Start of Block
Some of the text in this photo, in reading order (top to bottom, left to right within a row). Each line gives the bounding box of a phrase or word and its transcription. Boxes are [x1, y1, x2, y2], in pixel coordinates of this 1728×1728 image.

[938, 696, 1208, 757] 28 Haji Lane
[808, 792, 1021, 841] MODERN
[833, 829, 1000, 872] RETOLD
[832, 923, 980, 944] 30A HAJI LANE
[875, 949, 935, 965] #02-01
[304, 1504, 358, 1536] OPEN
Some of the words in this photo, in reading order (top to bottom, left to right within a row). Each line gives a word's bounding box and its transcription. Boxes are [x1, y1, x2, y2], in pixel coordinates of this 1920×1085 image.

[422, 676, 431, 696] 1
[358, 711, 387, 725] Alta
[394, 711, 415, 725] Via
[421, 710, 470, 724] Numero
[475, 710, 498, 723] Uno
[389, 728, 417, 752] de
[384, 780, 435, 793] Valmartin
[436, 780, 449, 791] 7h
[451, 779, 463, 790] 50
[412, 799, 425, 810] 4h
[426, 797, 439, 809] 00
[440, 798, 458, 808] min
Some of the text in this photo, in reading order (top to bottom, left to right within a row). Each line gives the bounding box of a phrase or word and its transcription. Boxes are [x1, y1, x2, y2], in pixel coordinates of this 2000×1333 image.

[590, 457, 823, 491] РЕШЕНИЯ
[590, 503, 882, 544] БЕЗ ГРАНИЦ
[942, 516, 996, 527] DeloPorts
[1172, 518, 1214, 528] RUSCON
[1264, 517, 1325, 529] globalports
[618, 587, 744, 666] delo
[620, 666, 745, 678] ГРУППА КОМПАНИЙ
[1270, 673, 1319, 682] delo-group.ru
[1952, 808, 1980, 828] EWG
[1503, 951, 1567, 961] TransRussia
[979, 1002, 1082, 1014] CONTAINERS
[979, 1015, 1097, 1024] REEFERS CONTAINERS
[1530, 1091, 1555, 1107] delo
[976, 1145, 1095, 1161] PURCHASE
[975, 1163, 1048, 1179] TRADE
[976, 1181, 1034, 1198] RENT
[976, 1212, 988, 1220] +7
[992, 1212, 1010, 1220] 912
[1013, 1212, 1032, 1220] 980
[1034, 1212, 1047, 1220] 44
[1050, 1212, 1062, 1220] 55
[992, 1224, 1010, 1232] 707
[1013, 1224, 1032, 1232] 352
End of Block
Exercise brief
The response should be an exact repeat of the data above.

Result for this exercise
Some of the text in this photo, in reading order (top to bottom, left to right within a row). Each line gives the bounding box of a phrase or word and its transcription. Boxes are [x1, y1, x2, y2], in pixel coordinates of this 1728×1728 image.

[938, 696, 1208, 757] 28 Haji Lane
[808, 792, 1021, 841] MODERN
[833, 829, 1000, 872] RETOLD
[832, 923, 980, 944] 30A HAJI LANE
[875, 949, 935, 965] #02-01
[304, 1504, 358, 1536] OPEN
Some of the words in this photo, in reading order (top to bottom, left to right within a row). Each line gives a word's bounding box and its transcription. Boxes are [x1, y1, x2, y2], in pixel coordinates of this 1920×1085 image.

[422, 676, 431, 696] 1
[358, 711, 387, 725] Alta
[394, 711, 415, 725] Via
[421, 710, 470, 724] Numero
[475, 710, 498, 723] Uno
[389, 728, 417, 752] de
[384, 780, 435, 793] Valmartin
[436, 780, 449, 791] 7h
[451, 779, 463, 790] 50
[412, 799, 425, 810] 4h
[426, 797, 439, 809] 00
[440, 798, 458, 808] min
Some of the text in this photo, in reading order (top to bottom, left to right within a row). Each line gives the bounding box of a phrase or word and its transcription. Boxes are [x1, y1, x2, y2], in pixel coordinates of this 2000×1333 image.

[590, 457, 823, 491] РЕШЕНИЯ
[590, 503, 882, 544] БЕЗ ГРАНИЦ
[942, 516, 996, 527] DeloPorts
[1172, 518, 1214, 528] RUSCON
[1264, 517, 1325, 529] globalports
[618, 587, 744, 666] delo
[620, 666, 745, 678] ГРУППА КОМПАНИЙ
[1270, 673, 1319, 682] delo-group.ru
[1952, 808, 1980, 828] EWG
[1503, 951, 1567, 961] TransRussia
[979, 1002, 1082, 1014] CONTAINERS
[979, 1015, 1097, 1024] REEFERS CONTAINERS
[1530, 1091, 1555, 1107] delo
[976, 1145, 1095, 1161] PURCHASE
[975, 1163, 1048, 1179] TRADE
[976, 1181, 1034, 1198] RENT
[976, 1212, 988, 1220] +7
[992, 1212, 1010, 1220] 912
[1013, 1212, 1032, 1220] 980
[1034, 1212, 1047, 1220] 44
[1050, 1212, 1062, 1220] 55
[992, 1224, 1010, 1232] 707
[1013, 1224, 1032, 1232] 352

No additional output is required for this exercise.